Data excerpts
━━━━━━━━━━━━━━━━

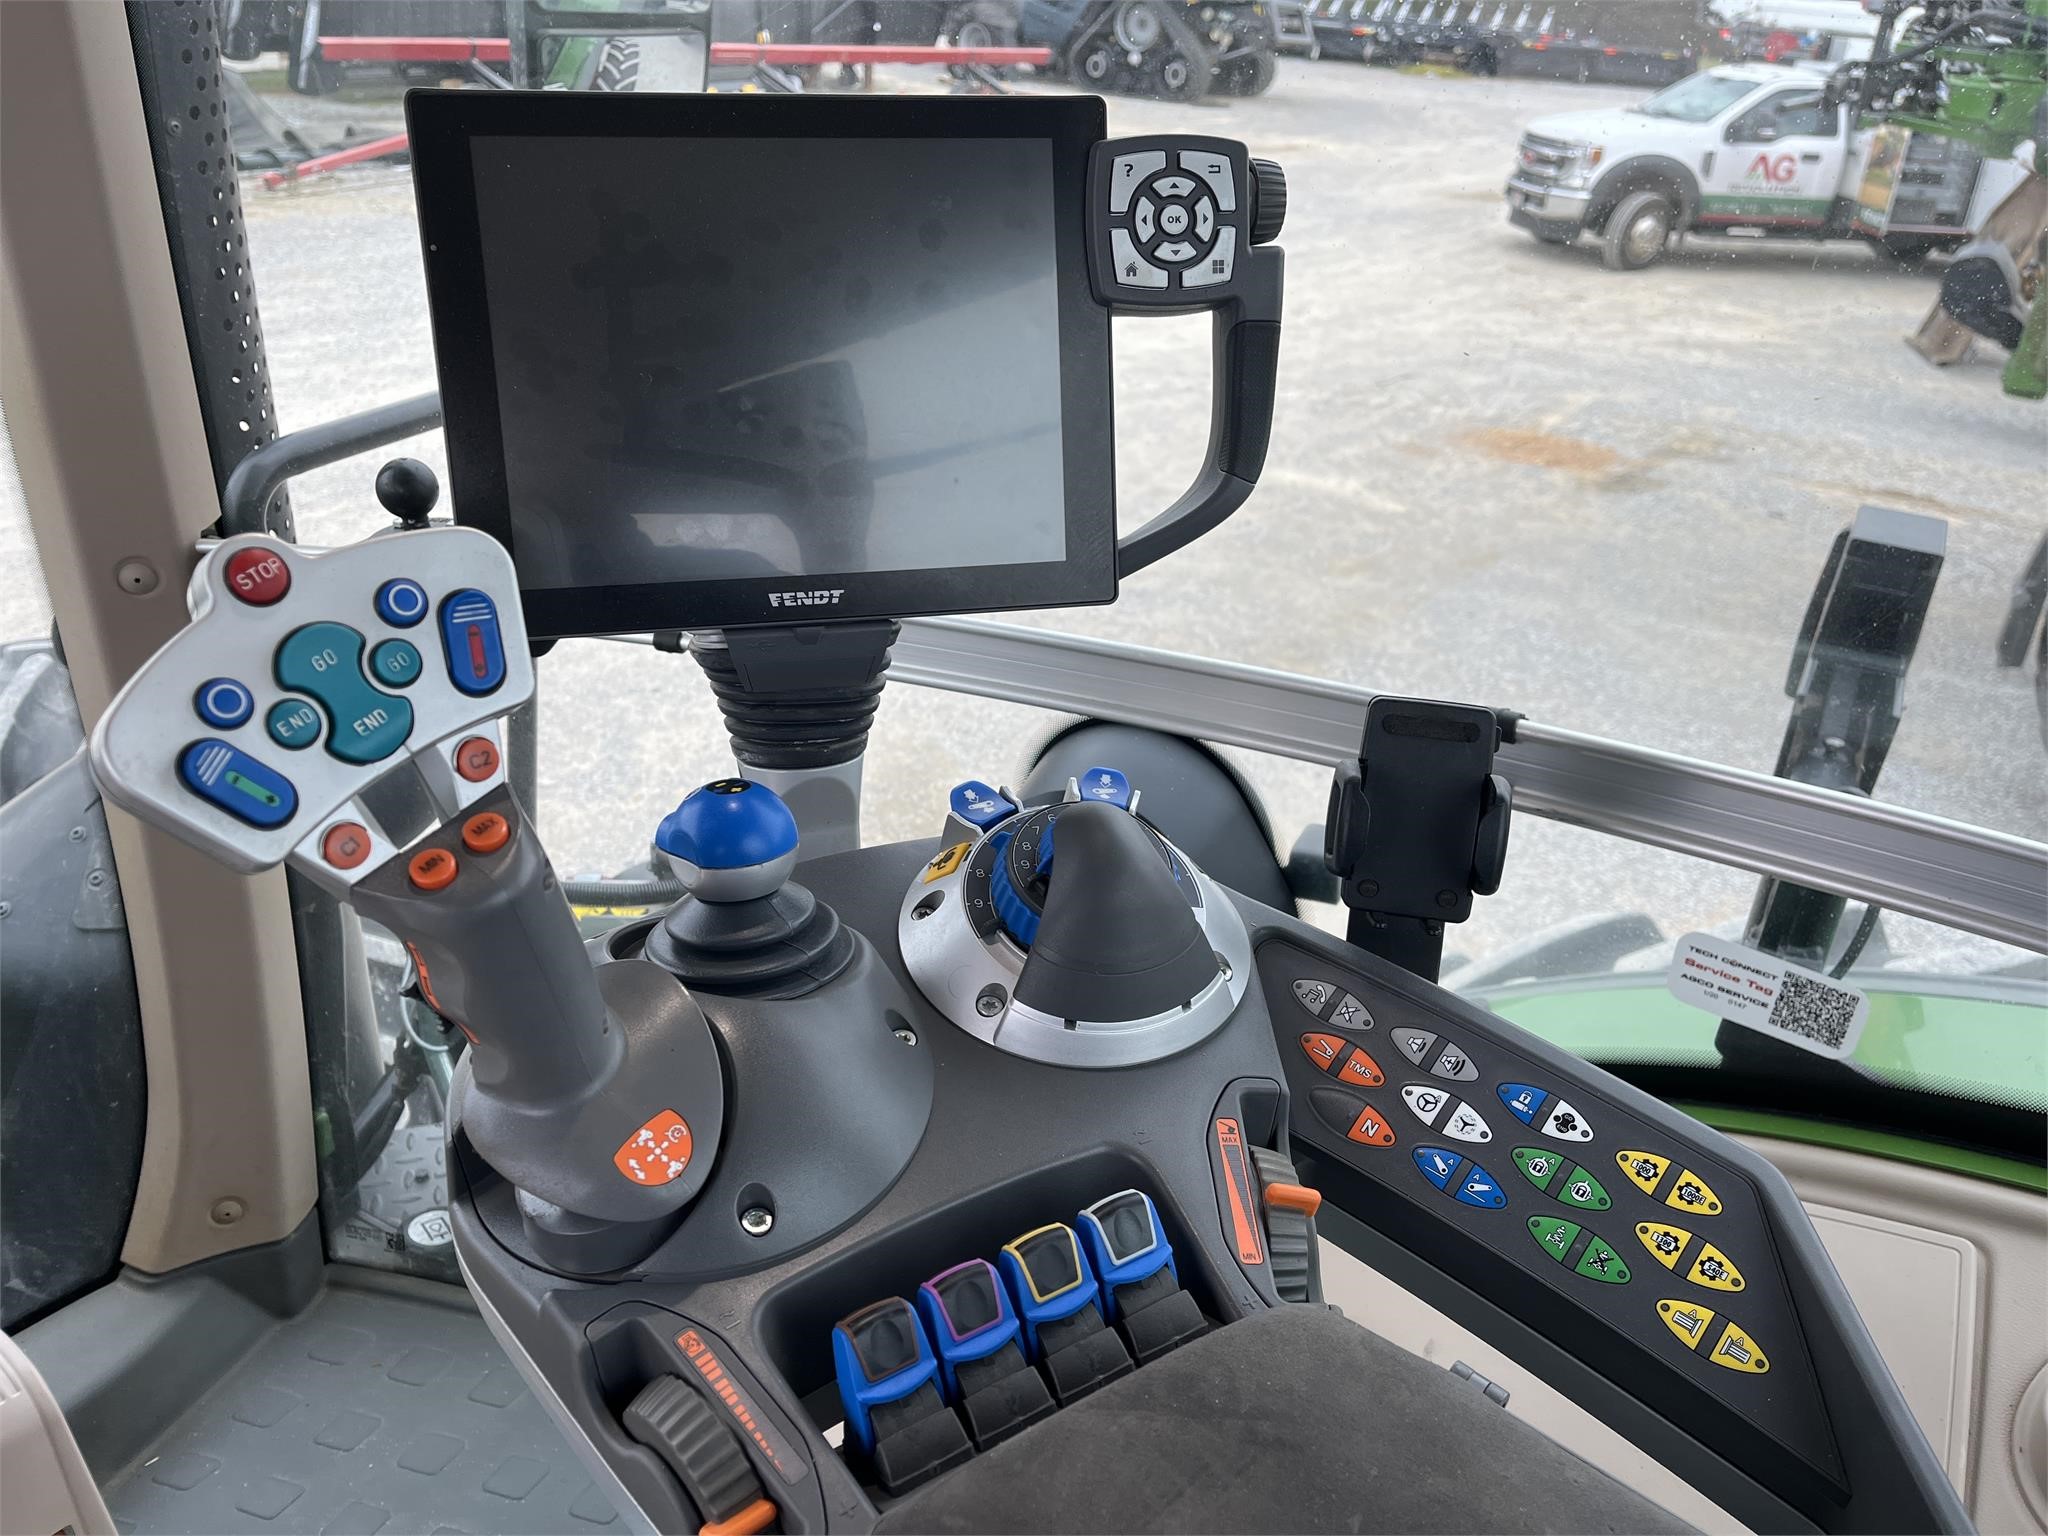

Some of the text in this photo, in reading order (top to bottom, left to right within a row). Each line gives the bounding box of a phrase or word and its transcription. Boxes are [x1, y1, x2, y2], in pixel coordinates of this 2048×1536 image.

[1124, 163, 1134, 177] ?
[1744, 152, 1797, 185] AG
[1167, 215, 1182, 225] OK
[236, 557, 282, 590] STOP
[768, 589, 845, 607] FENDT
[311, 648, 338, 672] GO
[387, 652, 409, 673] GO
[276, 708, 314, 737] END
[353, 708, 388, 736] END
[468, 750, 494, 769] C2
[471, 818, 498, 836] MAX
[1031, 826, 1040, 836] 7
[340, 836, 361, 857] C1
[1022, 841, 1032, 851] 8
[418, 854, 445, 874] MIN
[975, 868, 985, 878] 8
[1020, 860, 1030, 869] 9
[974, 898, 984, 908] 9
[1689, 945, 1779, 981] TECH CONNECT
[1684, 957, 1774, 997] Service Tag
[1680, 973, 1769, 1009] AGCO SERVICE
[1348, 1060, 1372, 1079] TMS
[1360, 1119, 1380, 1137] N
[1222, 1136, 1238, 1144] MAX
[1635, 1162, 1651, 1175] 1000
[1684, 1189, 1706, 1204] 1000E
[1655, 1235, 1672, 1248] 1300
[1242, 1252, 1257, 1261] MIN
[1707, 1264, 1725, 1278] 540E

━━━━━━━━━━━━━━━━

Each line of the data above is to be output exactly; the pictures are not to appear.

Some of the text in this photo, in reading order (top to bottom, left to right within a row). Each line gives the bounding box of a phrase or word and its transcription. Boxes are [x1, y1, x2, y2], in pixel coordinates of this 2048×1536 image.

[1124, 163, 1134, 177] ?
[1744, 152, 1797, 185] AG
[1167, 215, 1182, 225] OK
[236, 557, 282, 590] STOP
[768, 589, 845, 607] FENDT
[311, 648, 338, 672] GO
[387, 652, 409, 673] GO
[276, 708, 314, 737] END
[353, 708, 388, 736] END
[468, 750, 494, 769] C2
[471, 818, 498, 836] MAX
[1031, 826, 1040, 836] 7
[340, 836, 361, 857] C1
[1022, 841, 1032, 851] 8
[418, 854, 445, 874] MIN
[975, 868, 985, 878] 8
[1020, 860, 1030, 869] 9
[974, 898, 984, 908] 9
[1689, 945, 1779, 981] TECH CONNECT
[1684, 957, 1774, 997] Service Tag
[1680, 973, 1769, 1009] AGCO SERVICE
[1348, 1060, 1372, 1079] TMS
[1360, 1119, 1380, 1137] N
[1222, 1136, 1238, 1144] MAX
[1635, 1162, 1651, 1175] 1000
[1684, 1189, 1706, 1204] 1000E
[1655, 1235, 1672, 1248] 1300
[1242, 1252, 1257, 1261] MIN
[1707, 1264, 1725, 1278] 540E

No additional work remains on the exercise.